Member Reviews
I was given this book to read in exchange for an honest review by NetGalley. I am expressing my opinions as that is what I signed up to do. I really wish I could say that I enjoyed this book. The concept of the book caught my attention and it is still a really interesting concept in theory. But when put into the book it made no sense and was incredibly confusing for the reader. I rated this book 2.5 stars out of 5.
I had big hopes for this book as I thought the idea of the books was something I would really love – seventeen year old Tati sends a saliva sample to a DNA ancestry and her esults come back inconclusive. It begs the questions what is wrong with her DNA? Tati discovers what she believes is impossible, parallel universes exist and her DNA compels and condemns herself and her other selves. Therefore they all try ot work together to take down the scientist responsible for this, their father. I don’t know about you, but this sounds really interesting to me! Which is why I am so dissapointed with this book. It was one of the most slow paced books I have ever read, I did not have a clue what was going on for the first 50% of the book which left me wanting to give up a lot. It was reallyy difficult to keep up with the alternate realities because it was never explained clearly at the beginning of the book, so by the time I understood I had to go back and piece together what happened.
It was too difficult to follow the plot and the charchters. It made it difficult to enjoy because I spent all of the time thinking “wait what?!” after every chapter. There are several versions of the same charchters from different realities. Now, this is a cool concept. But it was not handled well in my opinion. It was just incredibly confusing. It never truly specifies the differences between the different realities and the version of the character within them. We just see a small difference, e.g one is quieter etc.

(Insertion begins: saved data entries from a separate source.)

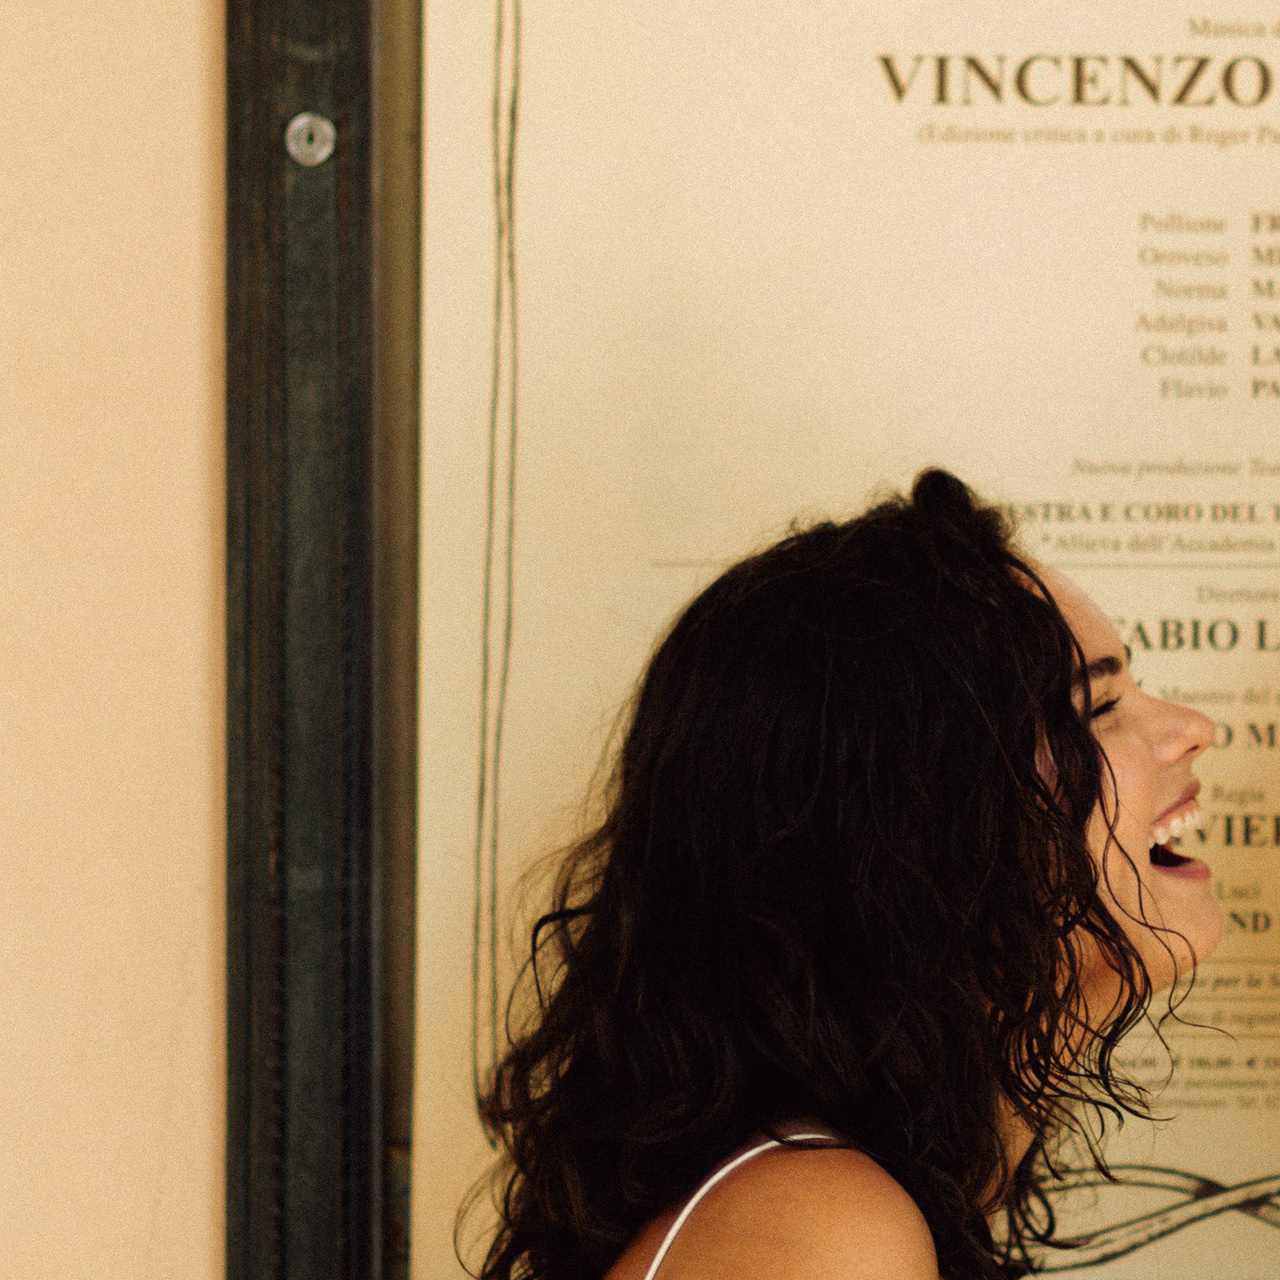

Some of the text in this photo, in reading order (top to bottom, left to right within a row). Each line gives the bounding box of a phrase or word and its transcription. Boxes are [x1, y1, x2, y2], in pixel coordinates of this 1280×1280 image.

[1186, 17, 1267, 39] Musica
[879, 55, 1273, 106] VINCENZO
[1188, 124, 1251, 150] Roger
[1154, 278, 1229, 301] Norma
[1134, 312, 1229, 338] Adalgisa
[1139, 344, 1228, 367] Clotilde
[1159, 377, 1229, 399] Flavio
[1137, 458, 1242, 480] produzione
[1100, 502, 1113, 522] E
[1123, 503, 1204, 523] CORO
[1210, 502, 1260, 523] DEL
[1112, 618, 1244, 652] ABIO
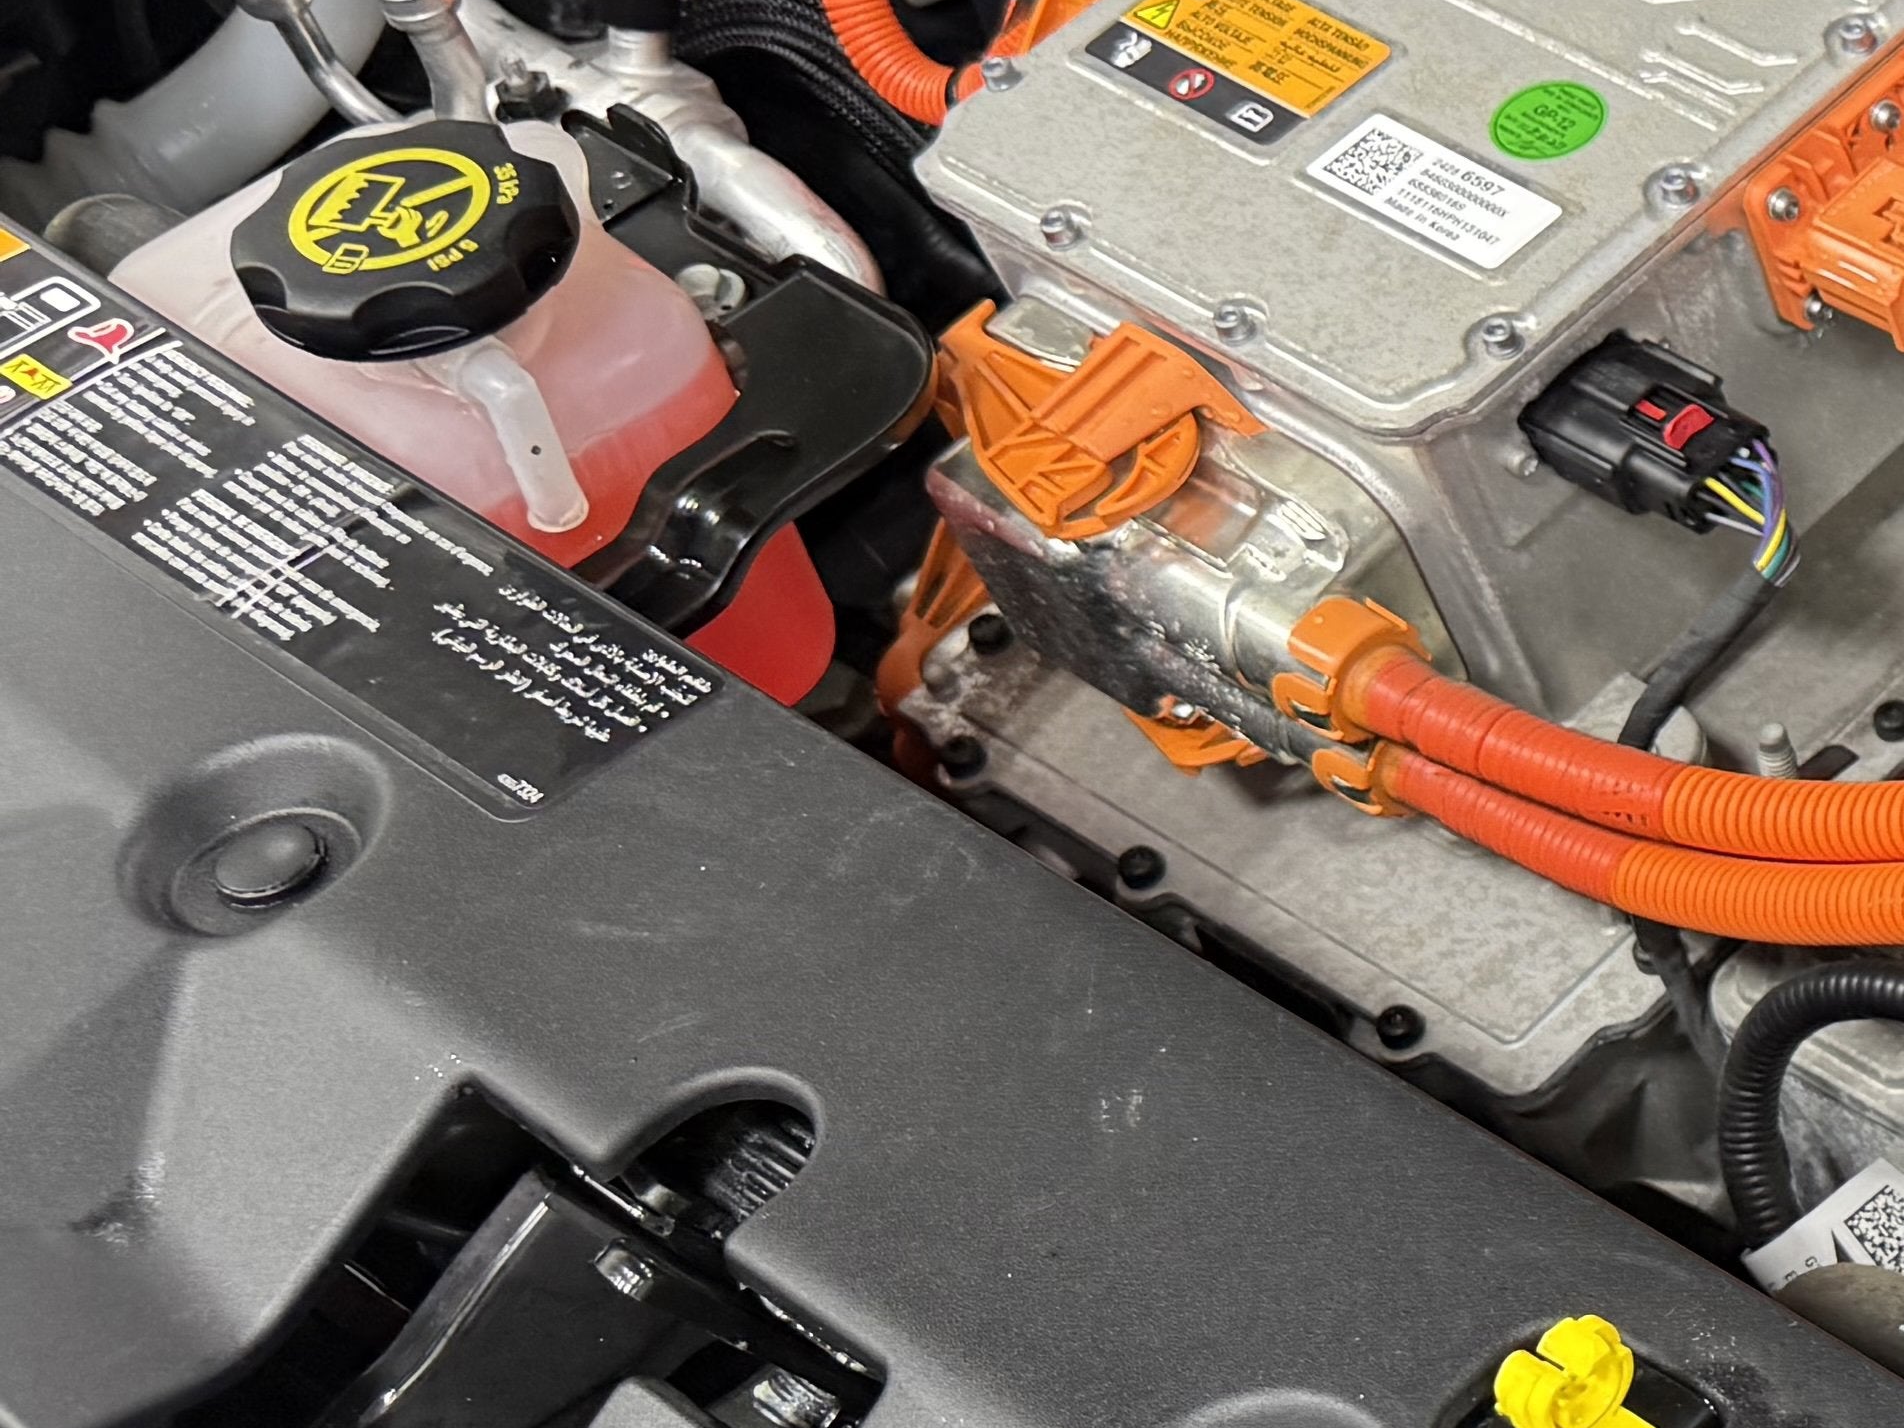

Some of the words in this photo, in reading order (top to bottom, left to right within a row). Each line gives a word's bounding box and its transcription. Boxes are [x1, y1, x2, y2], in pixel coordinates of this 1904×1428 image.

[1459, 169, 1505, 197] 6597
[1382, 197, 1415, 216] Made
[1413, 212, 1429, 223] in
[1426, 220, 1461, 241] Korea

Overall, I did not enjoy this book. I found it slow paced, hard to follow and really, really confusin. The idea behind the book is intruiging and I can definitely see where the author was trying to bring this book, but for me the journey was too confusing. Again, thank you to NetGalley for this ARC.
Ricochet follows four versions of one 17 year old girl across the multiverse: Tati, Ana, Tatyana and Tanya, as they harness their abilities to communicate with each other and understand their past and how they were given these abilities.
I usually don't read a lot of sci-fi, but Ricochet really spiked my interest, and I was so excited when I received an arc from net galley. This book really was a very interesting and unusual concept and it would have been incredibly difficult to write, but despite this I think it was executed really well by Kathryn Berla.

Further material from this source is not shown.